O que está em discussão, entretanto, não é simplesmente se toda integralização de imóvel é imune ao ITBI. A controvérsia é mais específica — e pode produzir efeitos importantes para o planejamento patrimonial e sucessório.
O que o STF está julgando?
O Supremo Tribunal Federal analisa o Recurso Extraordinário nº 1.495.108, Tema 1.348 da repercussão geral.
A discussão envolve a interpretação do artigo 156, § 2º, I, da Constituição Federal, que estabelece a não incidência do ITBI sobre a transmissão de bens ou direitos incorporados ao patrimônio de pessoa jurídica em realização de capital.
O mesmo dispositivo constitucional também trata das transmissões decorrentes de fusão, incorporação, cisão ou extinção de pessoa jurídica e estabelece uma ressalva relacionada às empresas cuja atividade preponderante seja a compra e venda de imóveis, a locação de imóveis ou o arrendamento mercantil.
É justamente a interpretação dessa ressalva que está no centro da controvérsia.
A questão pode ser resumida da seguinte maneira:
A atividade preponderantemente imobiliária da empresa impede a imunidade do ITBI quando o imóvel é transferido para a pessoa jurídica para integralização de seu capital social?
A resposta do STF terá impacto direto sobre empresas e estruturas patrimoniais que utilizam imóveis como parte de seu capital social.
Por que essa discussão interessa às holdings familiares?
Imagine uma família que possui cinco imóveis e decide constituir uma sociedade para organizar a administração desse patrimônio.
Os sócios podem integralizar os imóveis ao capital social da empresa. Com isso, os bens deixam de estar registrados diretamente em nome das pessoas físicas e passam a integrar o patrimônio da pessoa jurídica.
Essa operação pode fazer parte de uma estratégia mais ampla de organização patrimonial, planejamento sucessório e governança familiar.
O problema surge quando o Município entende que a empresa exerce atividade imobiliária preponderante — por exemplo, administração, locação, compra e venda ou exploração econômica de imóveis — e, por esse motivo, exige o pagamento do ITBI.
É exatamente nesse ponto que o julgamento do STF ganha importância.
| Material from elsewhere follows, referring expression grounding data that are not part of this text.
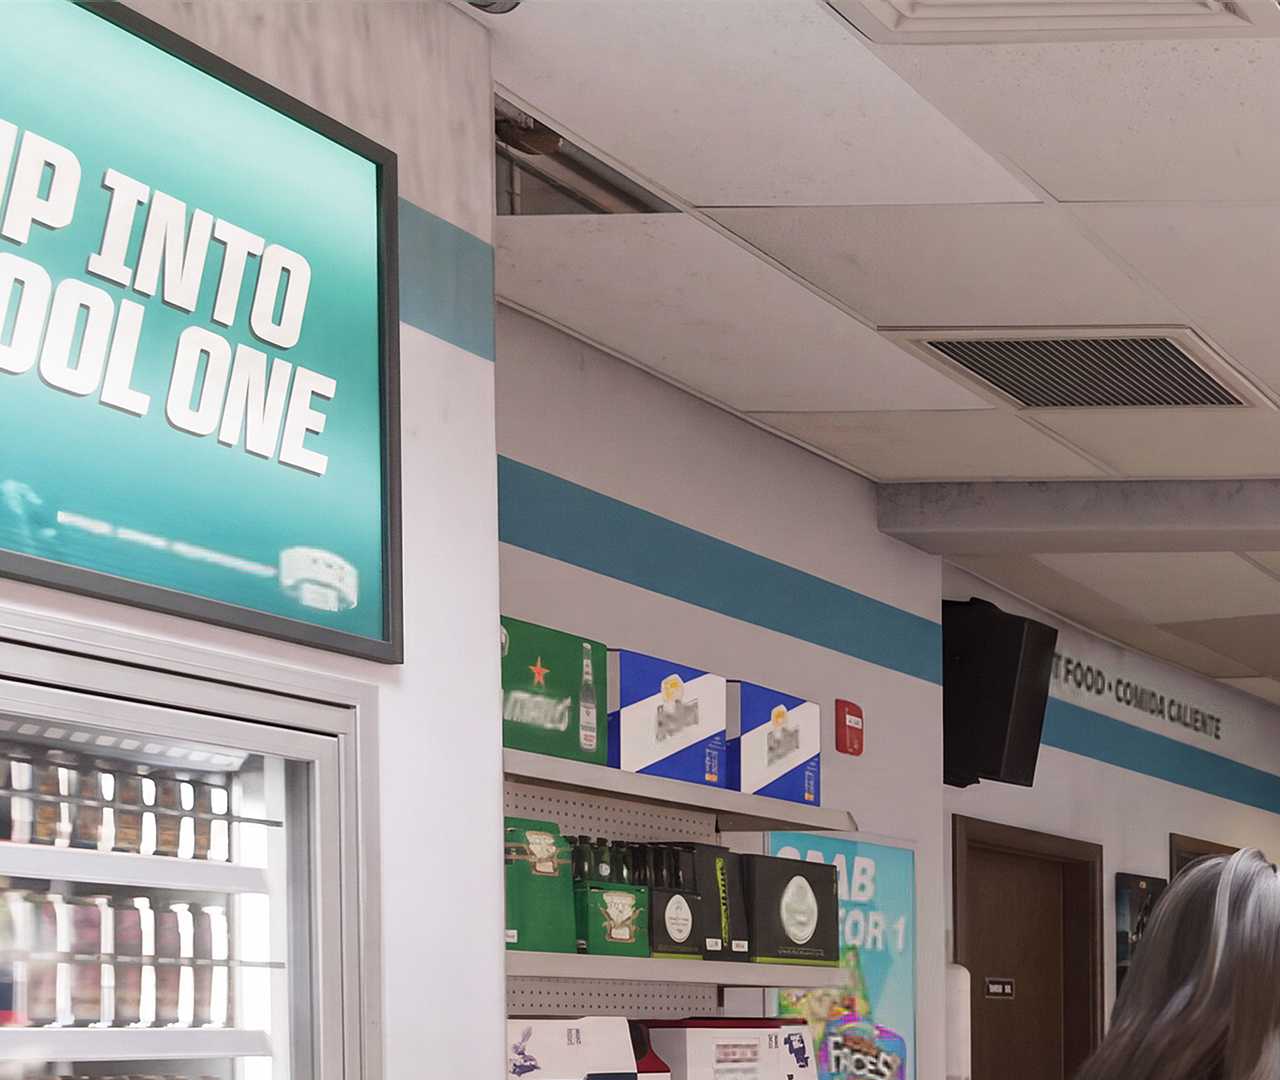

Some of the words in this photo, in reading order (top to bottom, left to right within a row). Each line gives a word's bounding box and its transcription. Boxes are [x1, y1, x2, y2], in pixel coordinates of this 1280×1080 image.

[86, 168, 312, 349] INTO
[164, 325, 337, 476] ONE
[1063, 657, 1106, 695] FOOD
[1114, 678, 1166, 719] COMIDA
[1167, 698, 1222, 740] CALIENTE
[776, 846, 876, 902] AB
[839, 907, 884, 951] OR
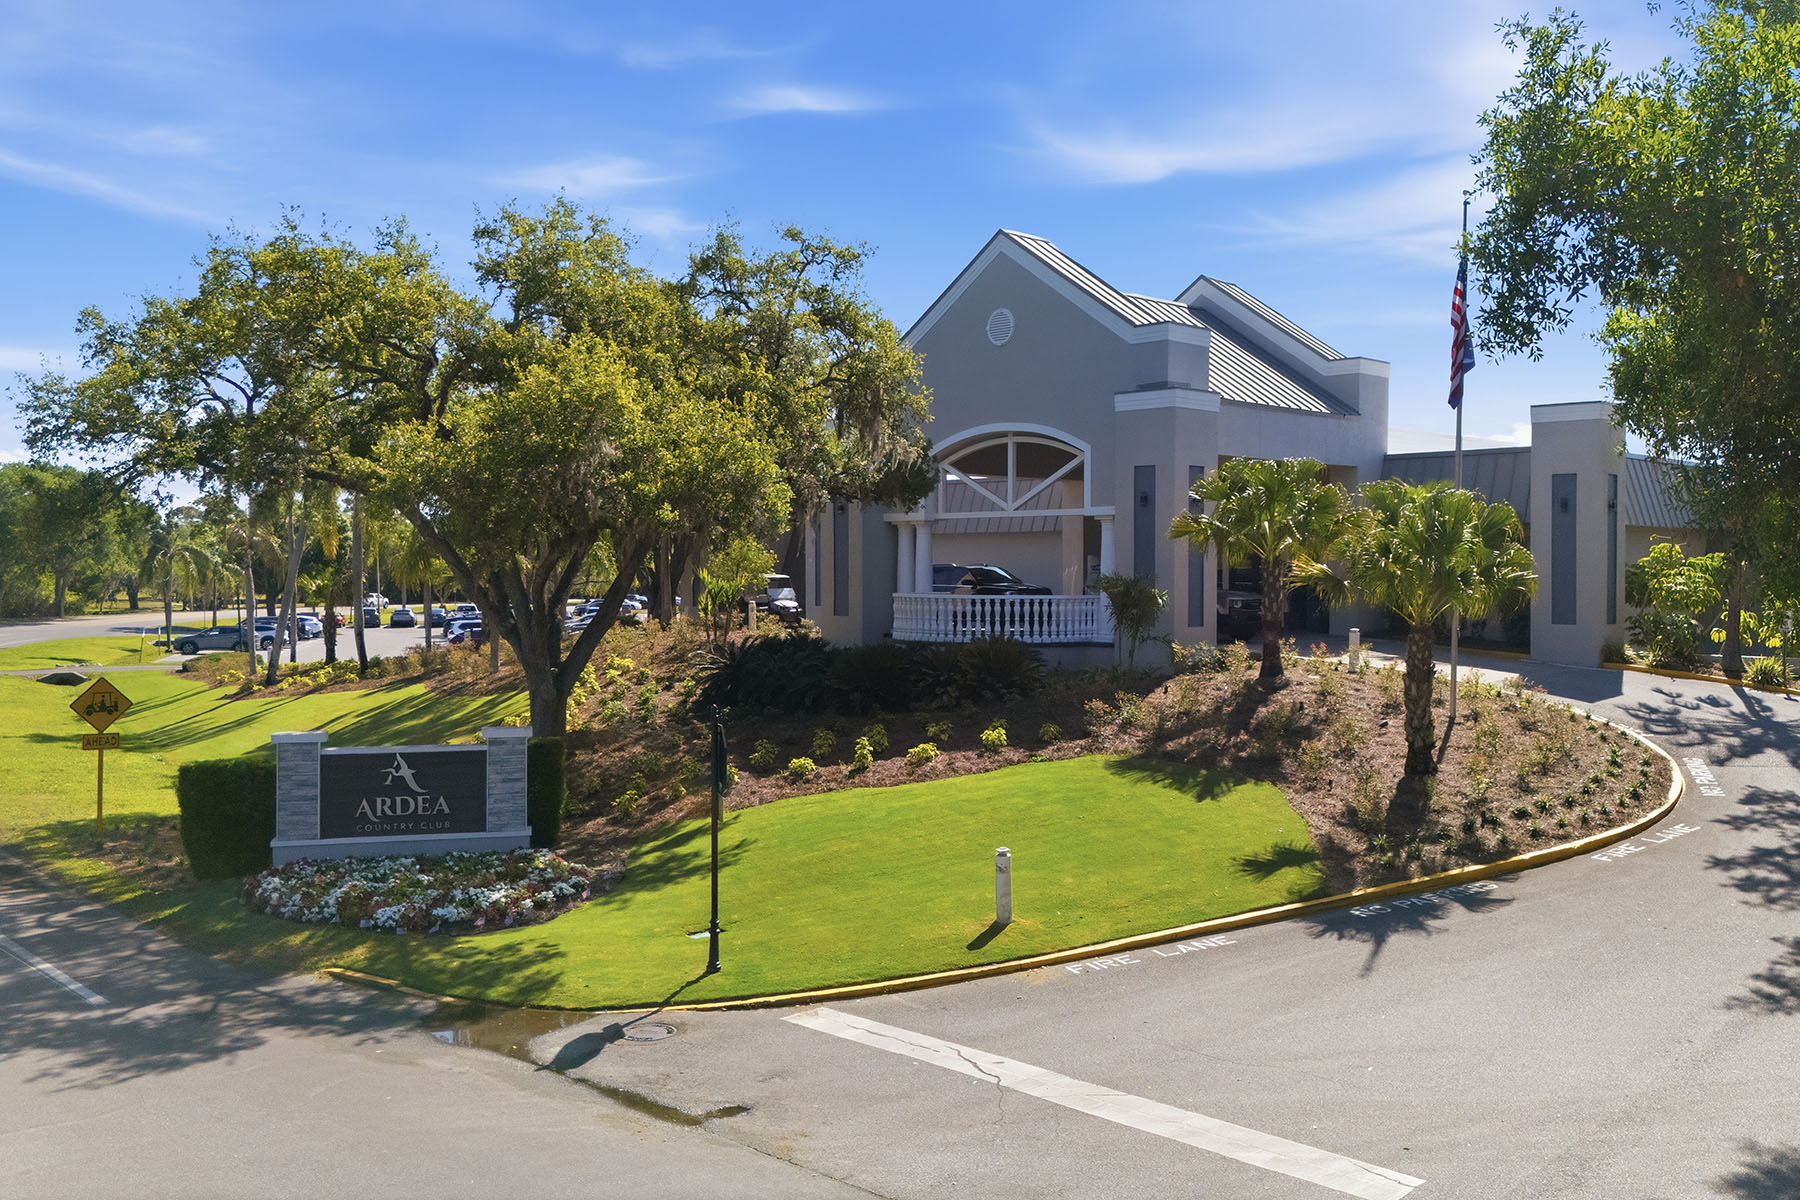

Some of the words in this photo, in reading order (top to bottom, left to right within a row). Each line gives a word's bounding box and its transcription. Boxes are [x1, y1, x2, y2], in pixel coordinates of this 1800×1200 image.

[85, 736, 117, 747] AHEAD
[354, 795, 451, 822] ARDEA
[356, 822, 414, 832] COUNTRY
[420, 821, 450, 830] CLUB
[1591, 843, 1647, 862] FIRE
[1641, 823, 1701, 843] LANE
[1350, 905, 1392, 918] NO
[1065, 954, 1141, 974] FIRE
[1152, 935, 1237, 957] LANE
O argumento de quem defende a imunidade
A interpretação favorável à imunidade sustenta que a Constituição estabeleceu duas situações diferentes.
A primeira é a transmissão de bens para a pessoa jurídica em realização de capital.
A segunda envolve operações de reorganização societária, como fusão, incorporação, cisão ou extinção.
Nessa segunda hipótese, a Constituição prevê expressamente a ressalva relativa à atividade preponderantemente imobiliária.
A partir dessa leitura, a exceção não deveria ser automaticamente transportada para a integralização de capital.
Foi essa, em essência, a posição apresentada pelo ministro Edson Fachin, relator do recurso. Segundo a posição registrada no julgamento, a imunidade prevista para a realização do capital social seria aplicável independentemente de a pessoa jurídica possuir atividade preponderantemente imobiliária.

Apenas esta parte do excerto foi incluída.